Fra Angelico peint des choeurs d'anges, Vermeer favorisait quant
à lui le virginal, Chagall le violon, Picasso la guitare
et Dufy le grand orchestre. L'iconographie musicale, l'étude
des instruments tels que représentés dans les arts
visuels, est en soi un sujet fascinant. Toutefois, ce qui nous
occupe ici tient davantage à la nature même de la
musique et de l'art pictural: quels liens unissent ces formes
soeurs? Chacune prend son élan et son inspiration de l'autre,
dans une relation de symbiose à la fois opulente et féconde.
Dans les discussions sur l'art ou la musique, des mots comme
style, tension, équilibre, forme et texture font à
coup sûr partie du vocabulaire. Mais de tous les éléments
communs à l'art et à la musique, nul n'a exercé
autant de fascination sur les compositeurs et les artistes que
la couleur, particulièrement au cours des deux derniers
siècles.
Wassily Kandinsky était convaincu qu'il pouvait entendre
les couleurs et les associait à des instruments précis:
jaune pour la trompette, orange pour l'alto, rouge pour le tuba,
etc. Ce phénomène est appellé synesthésie.

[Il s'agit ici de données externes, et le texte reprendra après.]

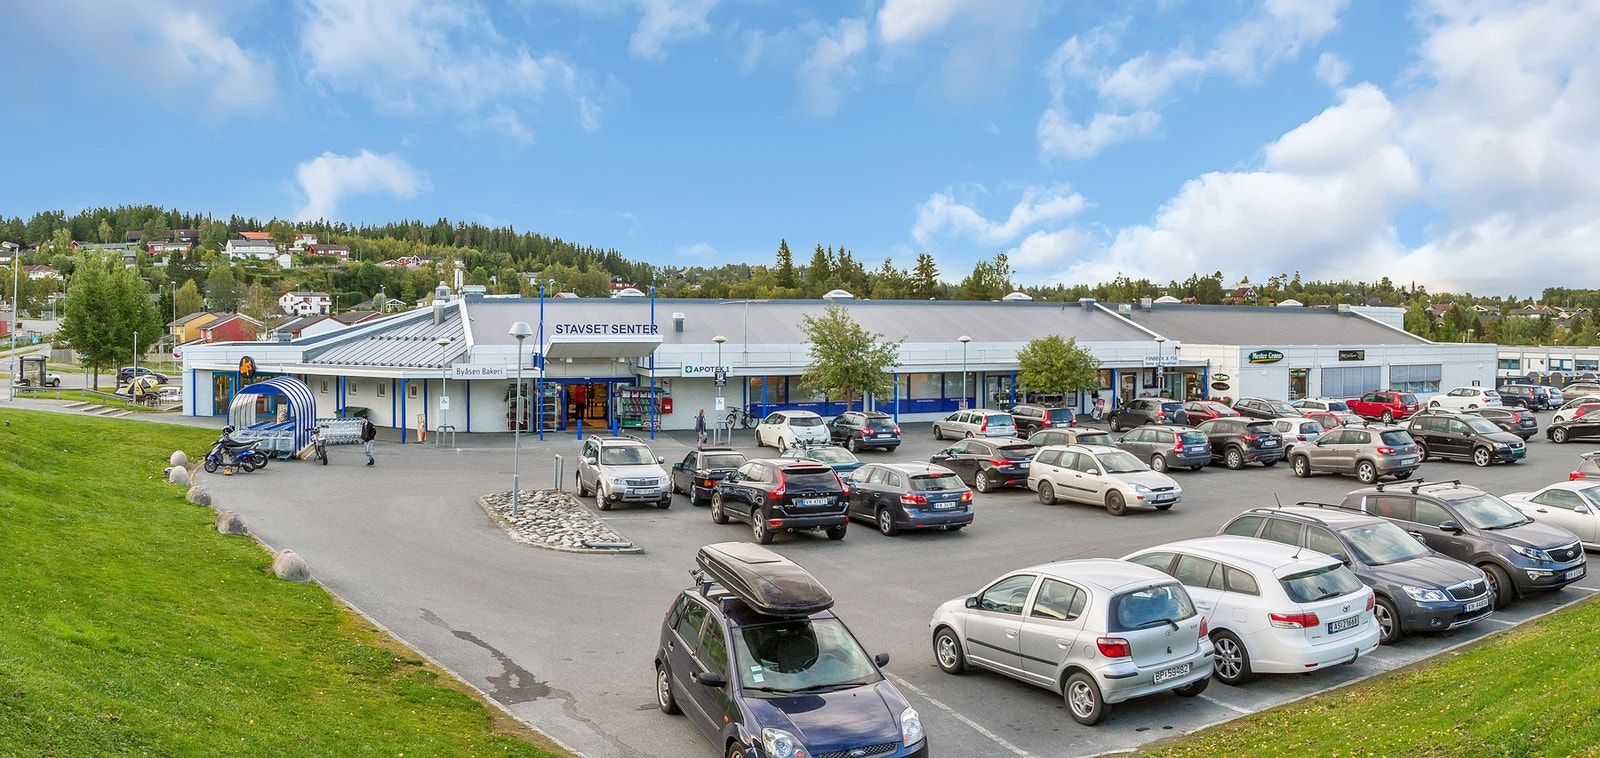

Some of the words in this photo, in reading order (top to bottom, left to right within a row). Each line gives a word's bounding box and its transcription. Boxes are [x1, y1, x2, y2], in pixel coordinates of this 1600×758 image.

[555, 324, 609, 334] STAVSET
[611, 324, 659, 334] SENTER
[456, 367, 480, 376] Byåsen
[482, 367, 503, 375] Bakeri
[1334, 622, 1341, 630] AS
[1155, 671, 1164, 680] BP
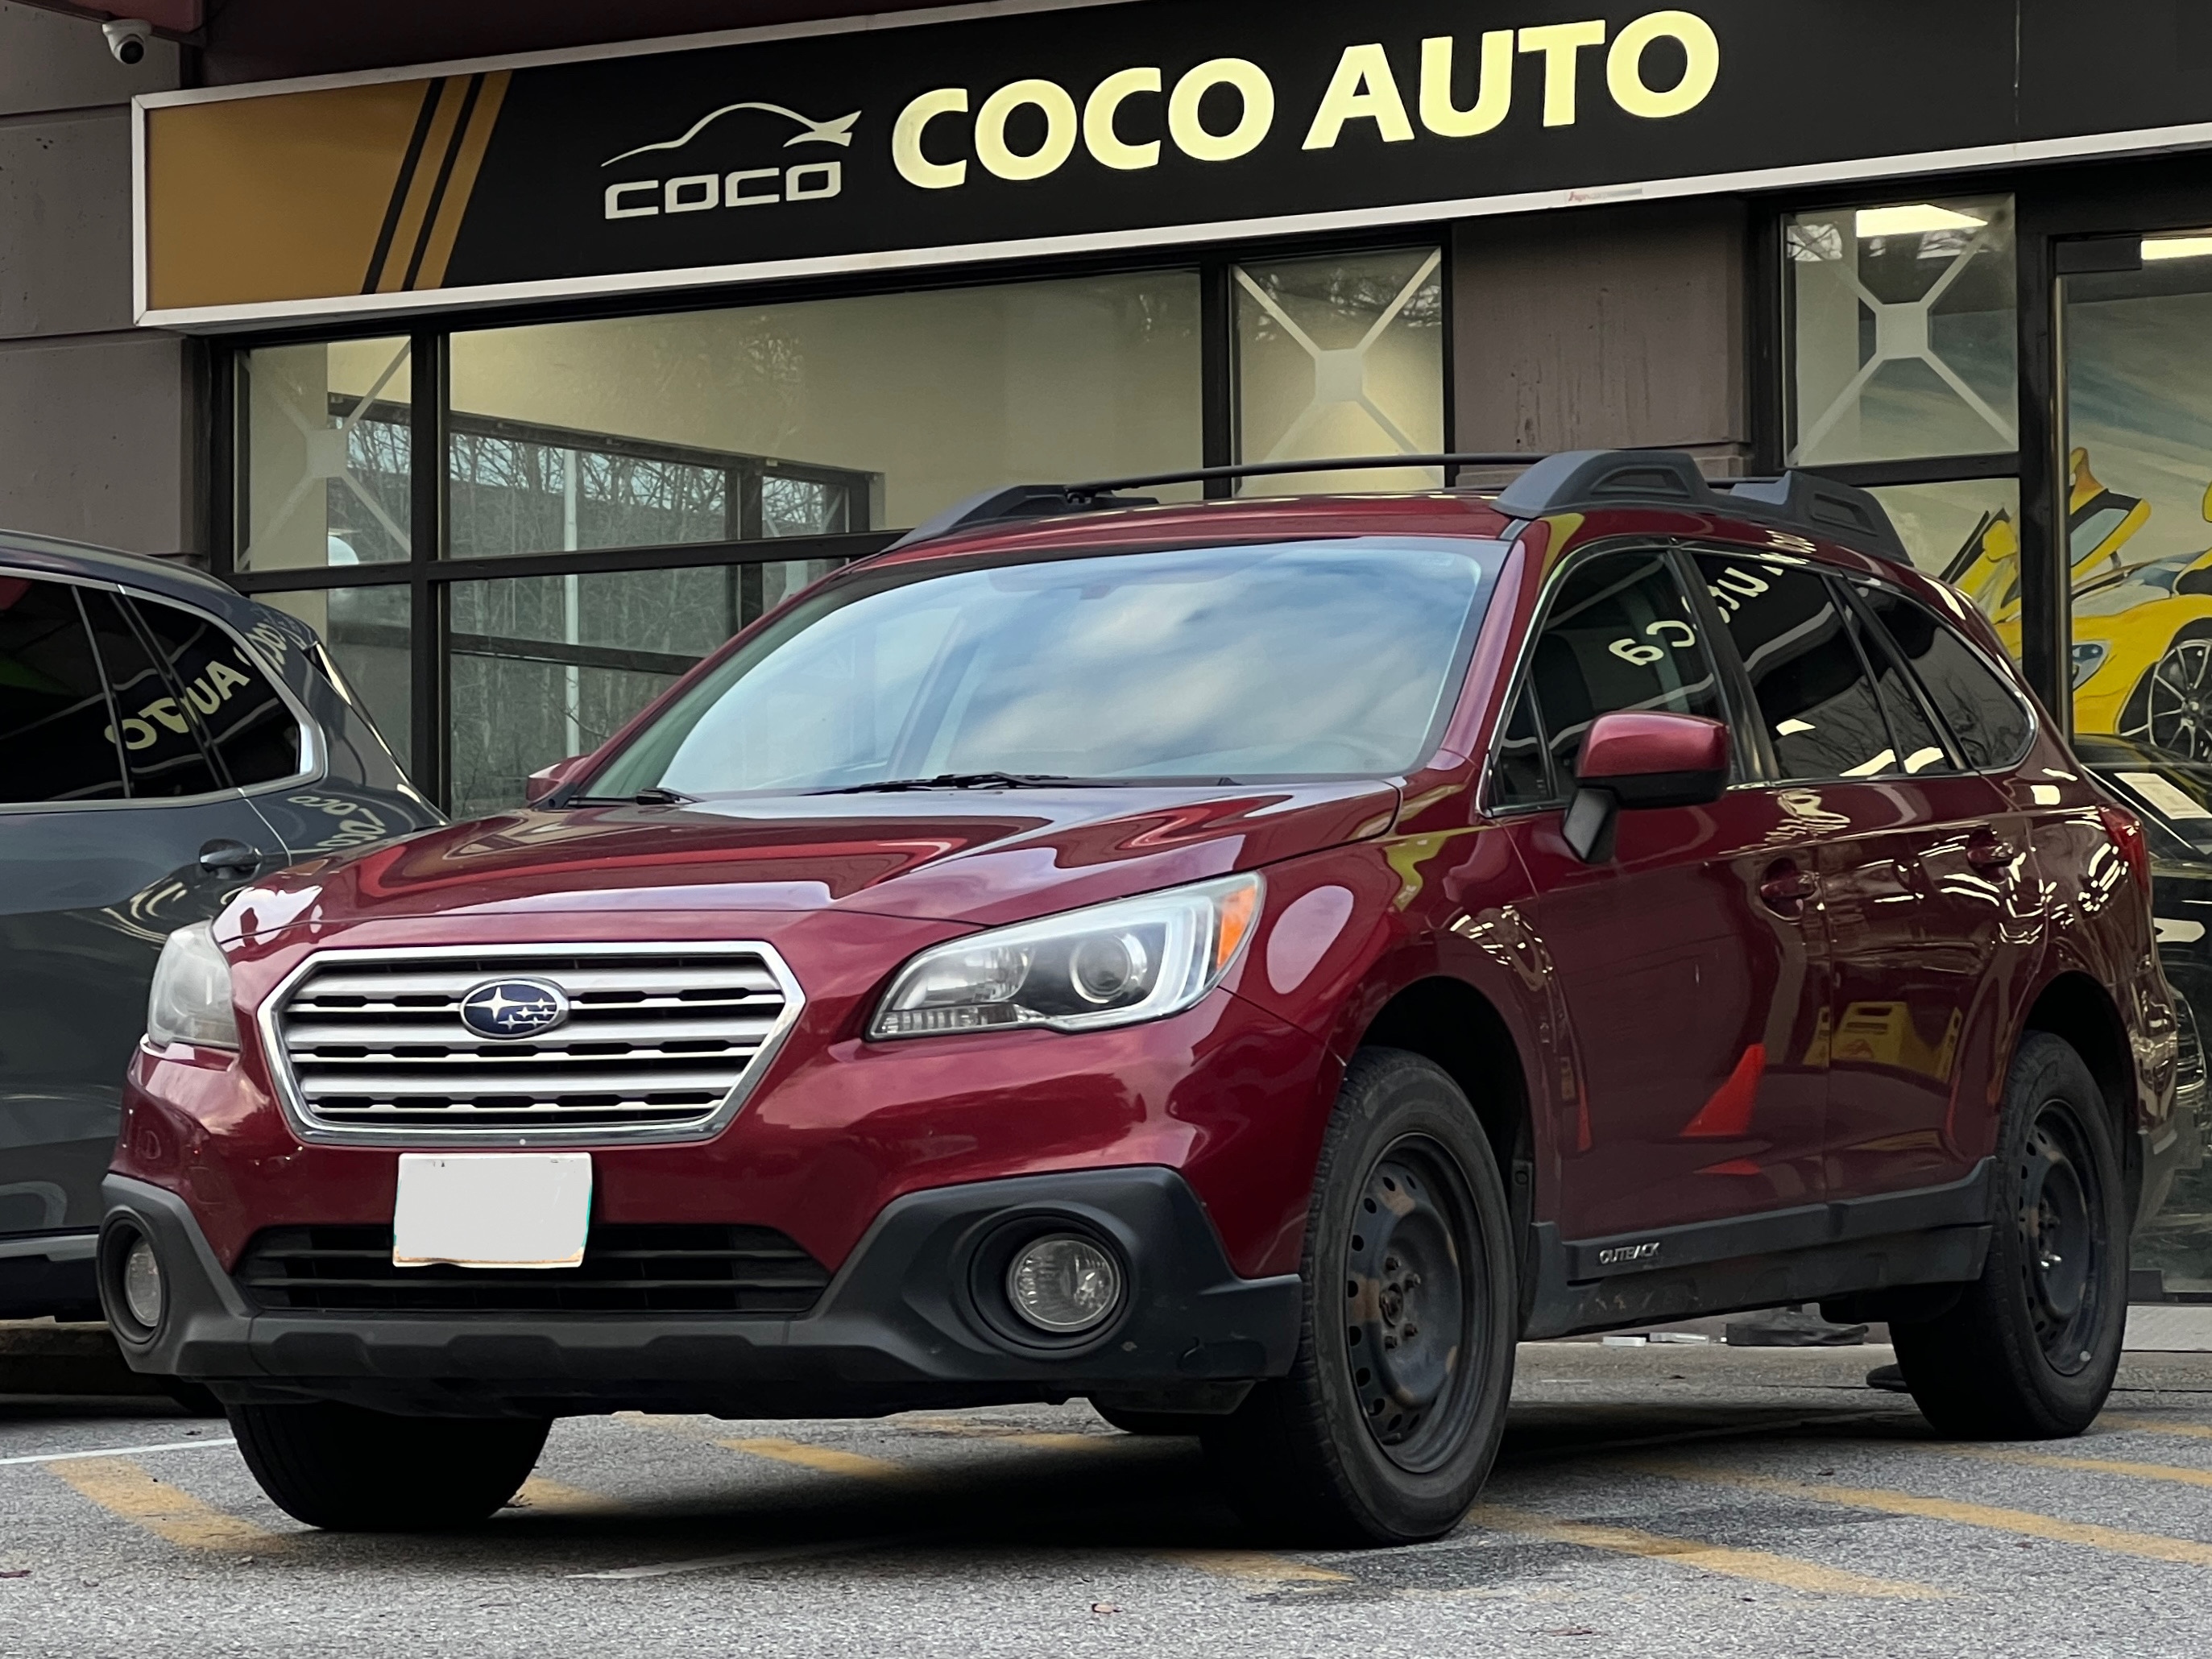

En 1909, Kandinsky créa un «opéra couleur-lumière»
en un acte en collaboration avec Thomas de Hartmann, un compositeur
mineur. Der gelbe Klang (Le son jaune) ne comporte que
quatorze lignes de texte, mais des centaines de jeux de lumières.
Matisse, entre autres, fut prudent devant l'envie de tenter
l'impossible: «On ne peut pas s'attendre à traduire
en peinture les symphonies de Beethoven», dit-il. Et c'est
justement ce que fit August von Briesen, ou du moins ce qu'il
tenta de réaliser, dans les six esquisses en noir et blanc
de la Symphonie no 8 de Beethoven. Pour sa part, Pamela Colman
Smith créa des images engendrées par l'écoute
de la Sonate pour piano no 11 de Beethoven, comme le fit Joseph
Stella après l'audition de l'opéra Der Rosenkavalier
de Richard Strauss.
Le processus inverse s'est révélé être
un matériau encore plus fertile, avec des compositeurs
comme Moussorgski, inspiré par les toiles de Viktor Hartmann
(Tableaux d'une exposition), Rachmaninov et Reger par Böcklin
(L'Île des Morts) et Debussy par Whistler, Velasquez,
Watteau et Botticelli. Le Twittering Machine de Paul Klee
à été la source de plus de réponses
musicales (au moins trente) que pour toute autre toile, le Jardin
des délices terrestres de Bosch et le Guernica
de Picasso occupant, loin derrière, les deuxième
et troisième rangs.
Au moyen de points de repères tels que l'harmonie, la
polyphonie, la tonalité, le rythme, la couleur et la forme,
l'esprit peut librement s'envoler dans le vaste univers des affinités
par lesquelles l'art et la musique sont liés, un sujet
qui, depuis que l'Homme existe, est synonyme d'aventure et de
fascination éternelle.
Traduction: Jean Prévost
Grands maîtres : Musique & Art est le thème
du Festival de musique de chambre de Montréal qui sera
présenté du 1er au 10 juin. Le texte ci-dessus est
une version écourtée du texte de Robert Markow qui
est publié dans son format original (en anglais et en français)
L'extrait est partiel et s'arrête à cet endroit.